+++ WORKING DATA +++

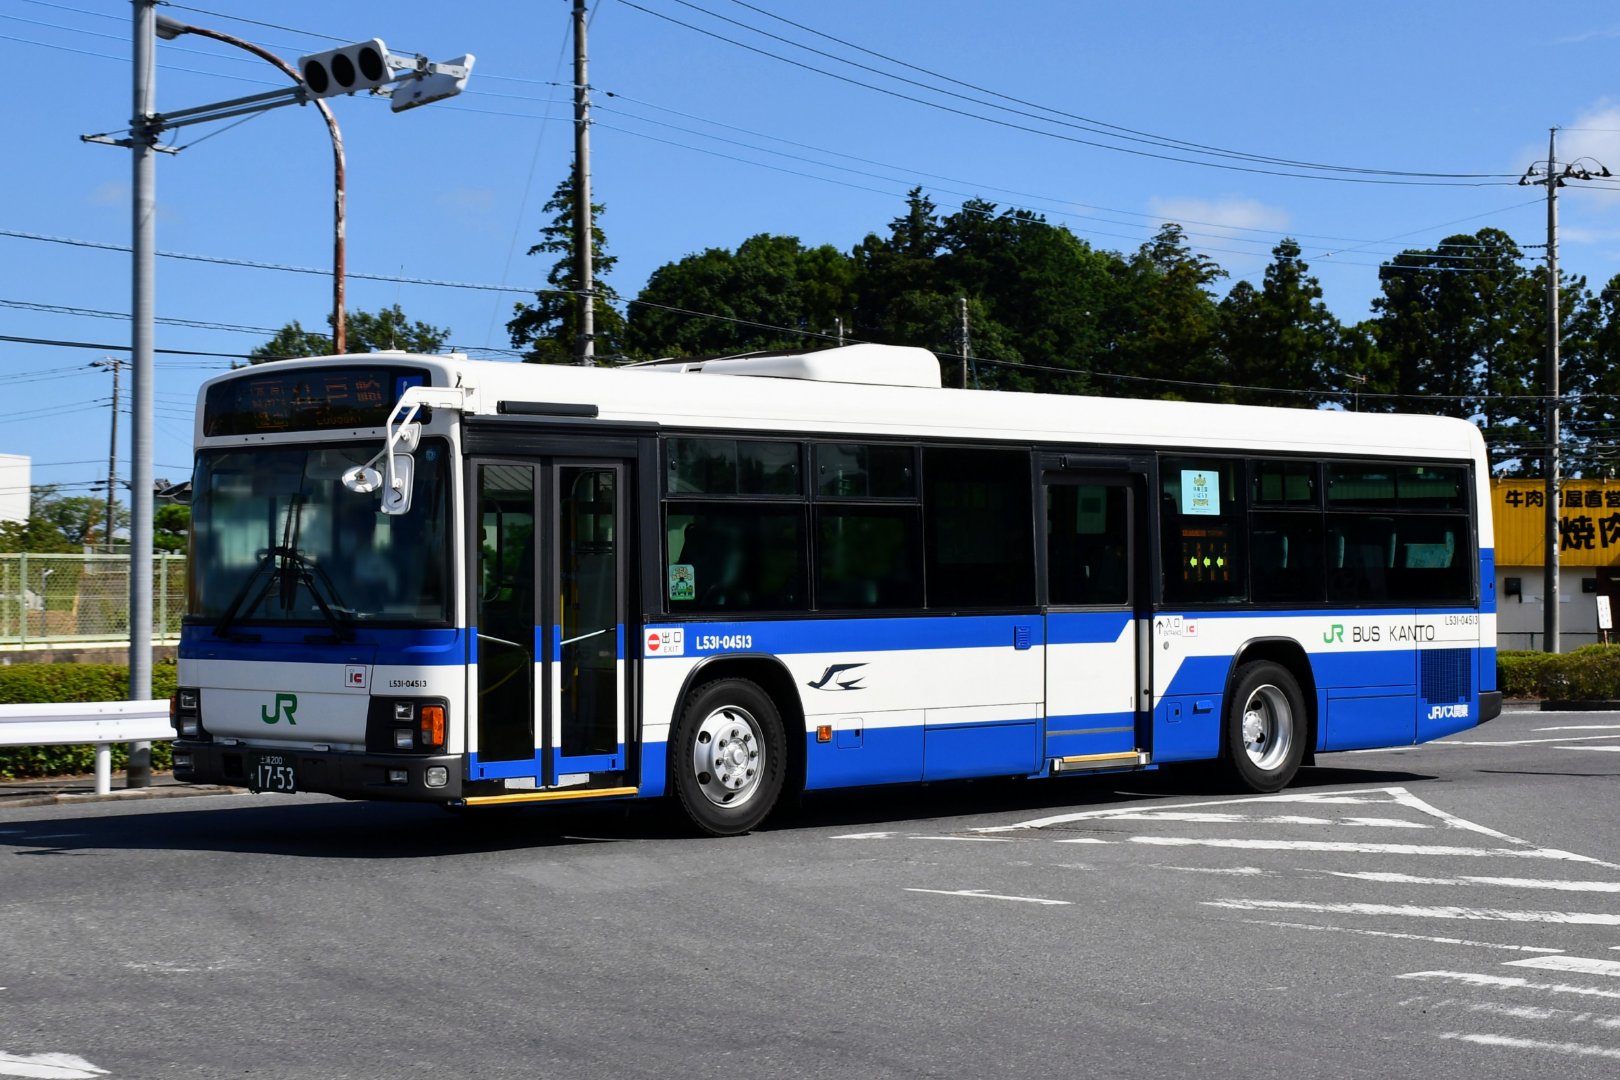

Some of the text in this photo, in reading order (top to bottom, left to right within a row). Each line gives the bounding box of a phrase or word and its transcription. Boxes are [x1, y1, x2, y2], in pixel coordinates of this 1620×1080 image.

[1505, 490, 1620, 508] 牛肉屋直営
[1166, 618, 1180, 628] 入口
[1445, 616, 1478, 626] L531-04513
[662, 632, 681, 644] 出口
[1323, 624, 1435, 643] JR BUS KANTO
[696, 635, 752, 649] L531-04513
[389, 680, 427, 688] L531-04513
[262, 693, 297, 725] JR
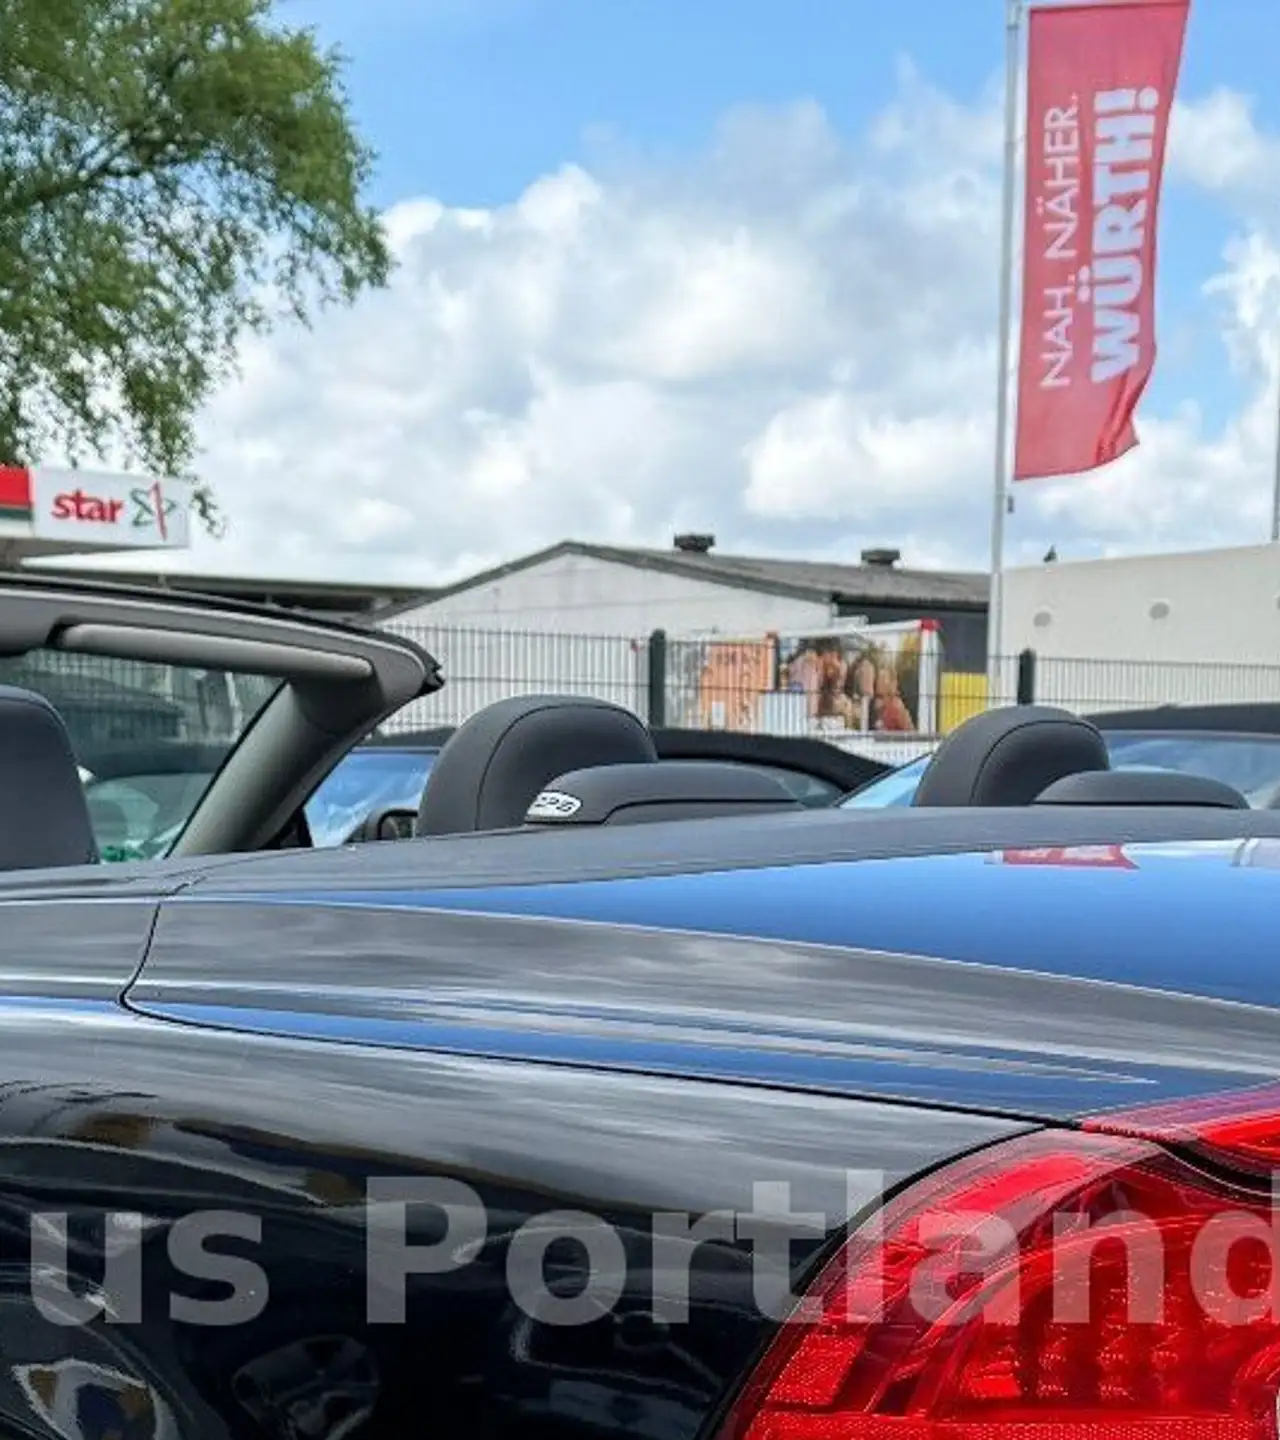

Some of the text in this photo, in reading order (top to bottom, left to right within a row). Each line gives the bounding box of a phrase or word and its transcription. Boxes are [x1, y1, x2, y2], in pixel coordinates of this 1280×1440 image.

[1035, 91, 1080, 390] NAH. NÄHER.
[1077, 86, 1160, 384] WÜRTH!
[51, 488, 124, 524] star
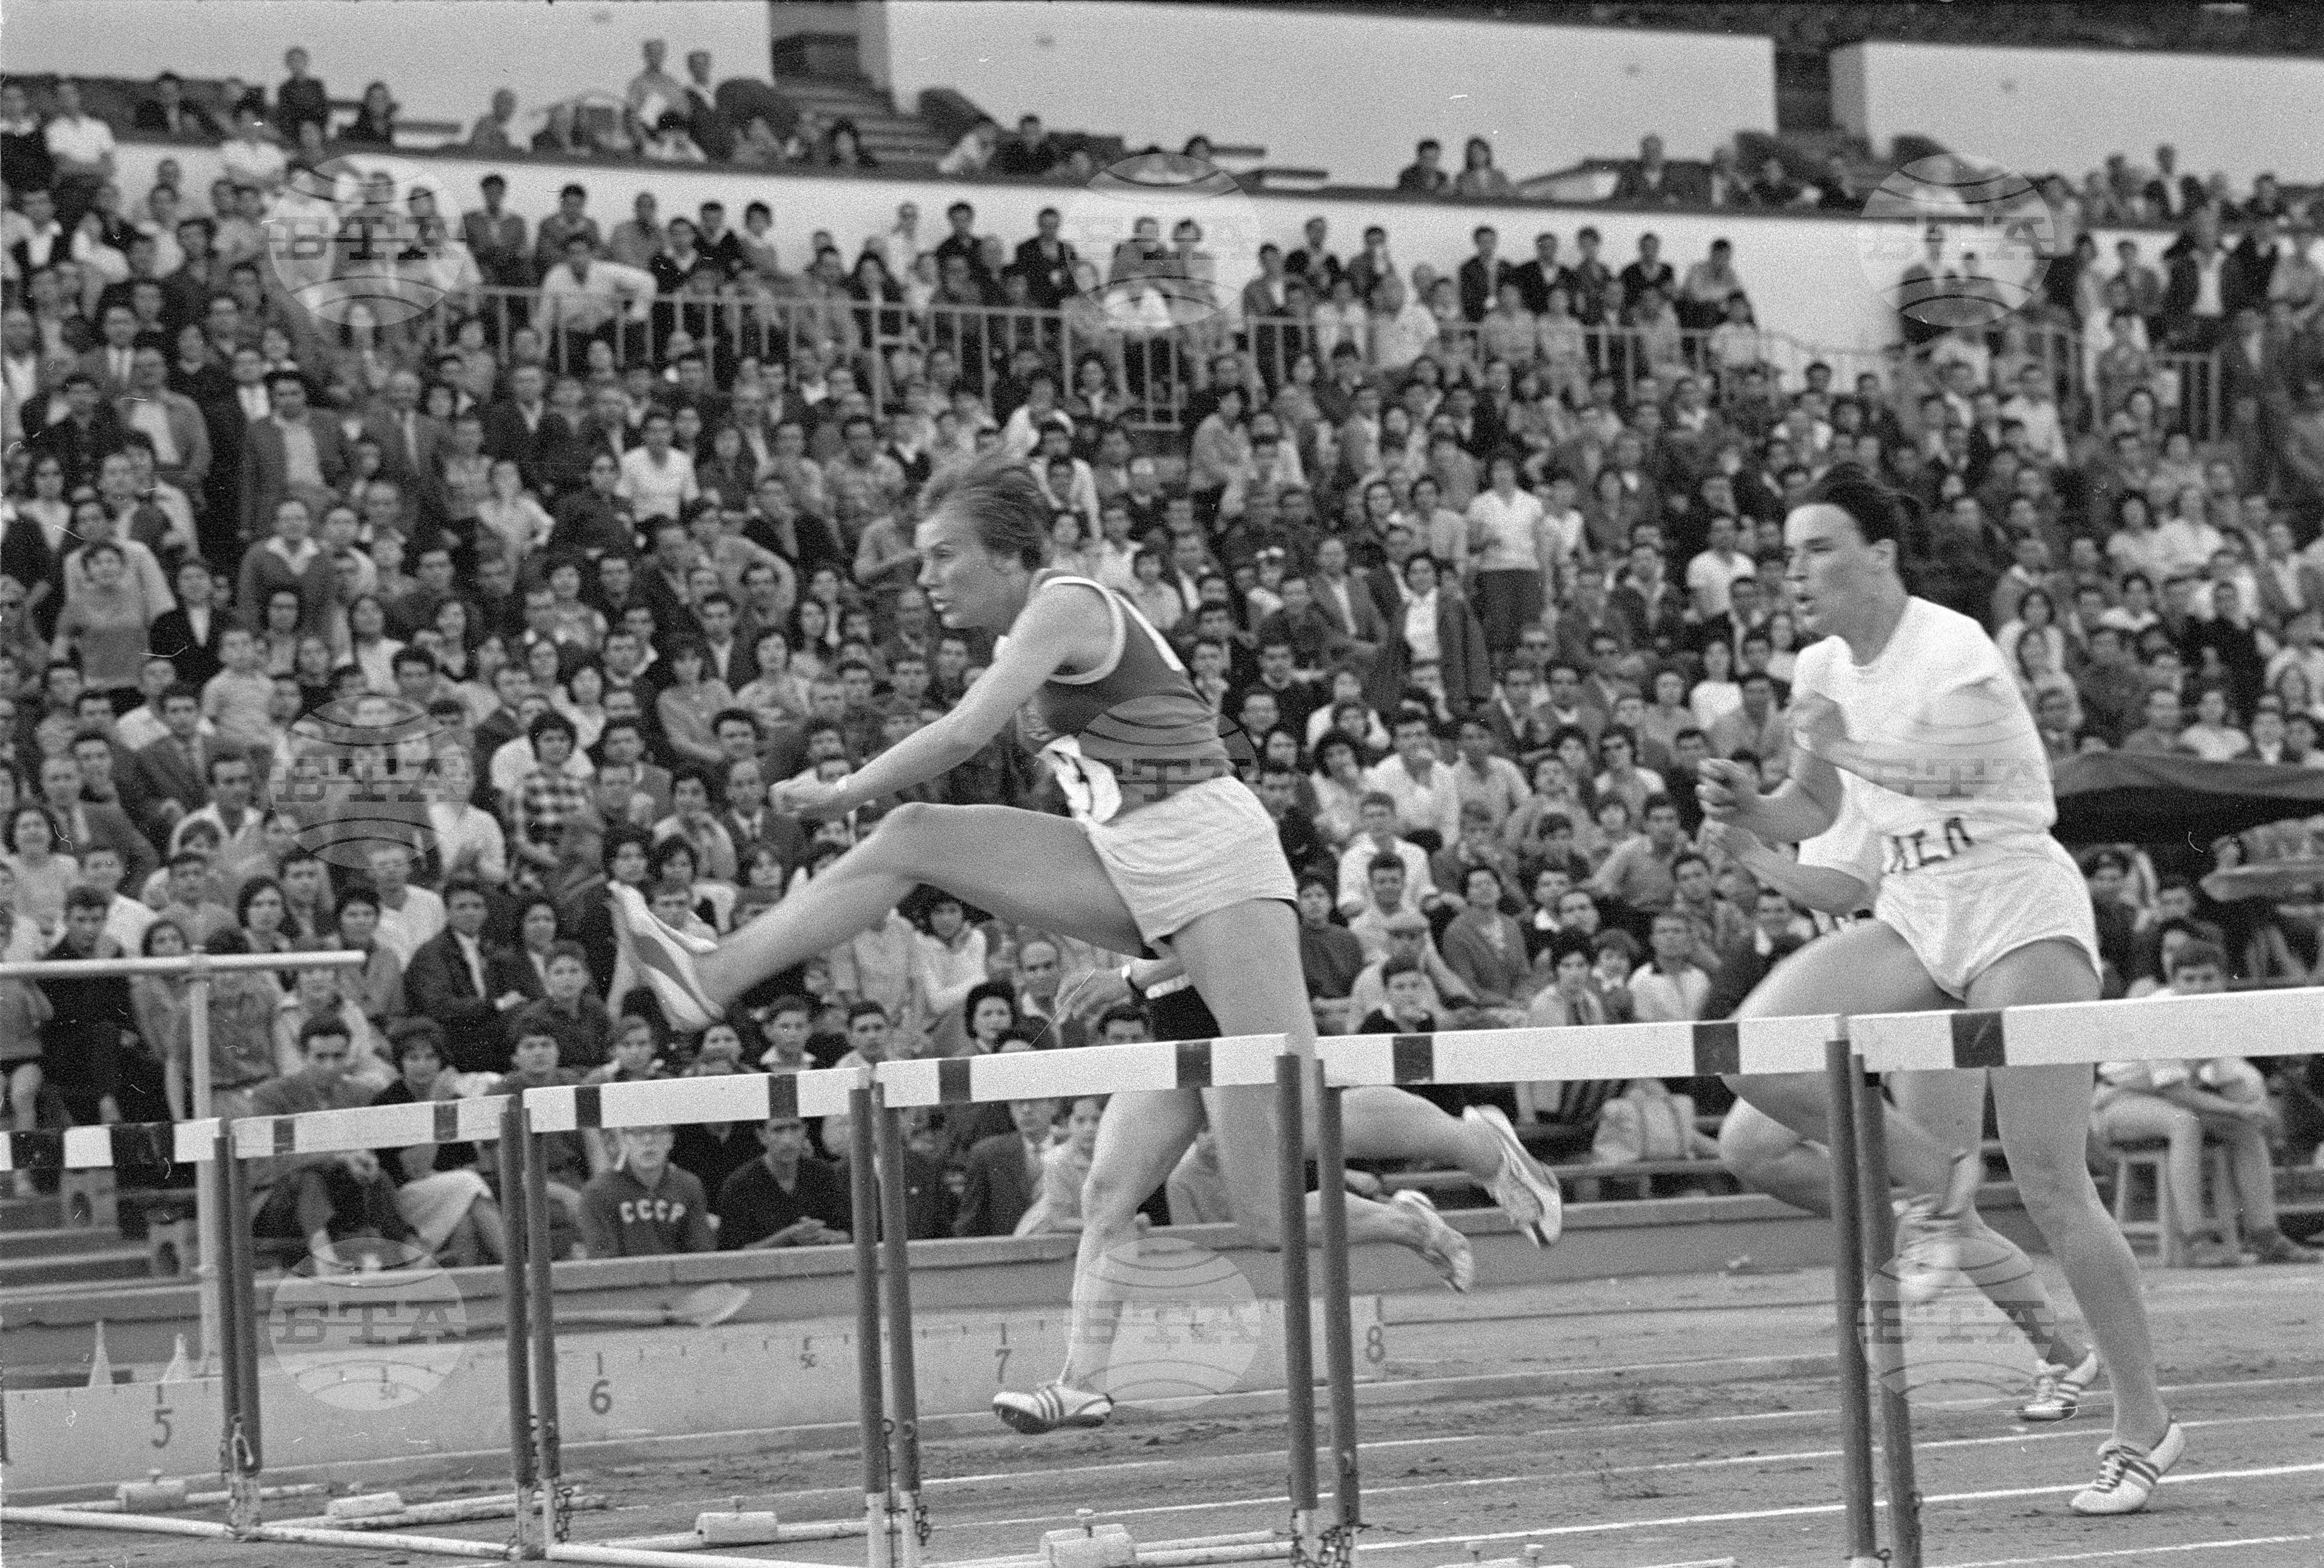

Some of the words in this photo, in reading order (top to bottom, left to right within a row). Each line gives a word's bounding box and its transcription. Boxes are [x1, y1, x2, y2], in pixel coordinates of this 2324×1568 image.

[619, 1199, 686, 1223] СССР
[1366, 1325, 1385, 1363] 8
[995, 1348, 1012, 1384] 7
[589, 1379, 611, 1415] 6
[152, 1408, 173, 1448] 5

+++

• [TASK ITEM]
Print the line containing "Some of the words", then every line after it through the last line of the records, each exactly as written; nothing else belongs in the answer.

• [SOLUTION FOR THIS PROBLEM]
Some of the words in this photo, in reading order (top to bottom, left to right within a row). Each line gives a word's bounding box and its transcription. Boxes are [x1, y1, x2, y2], in pixel coordinates of this 2324×1568 image.

[619, 1199, 686, 1223] СССР
[1366, 1325, 1385, 1363] 8
[995, 1348, 1012, 1384] 7
[589, 1379, 611, 1415] 6
[152, 1408, 173, 1448] 5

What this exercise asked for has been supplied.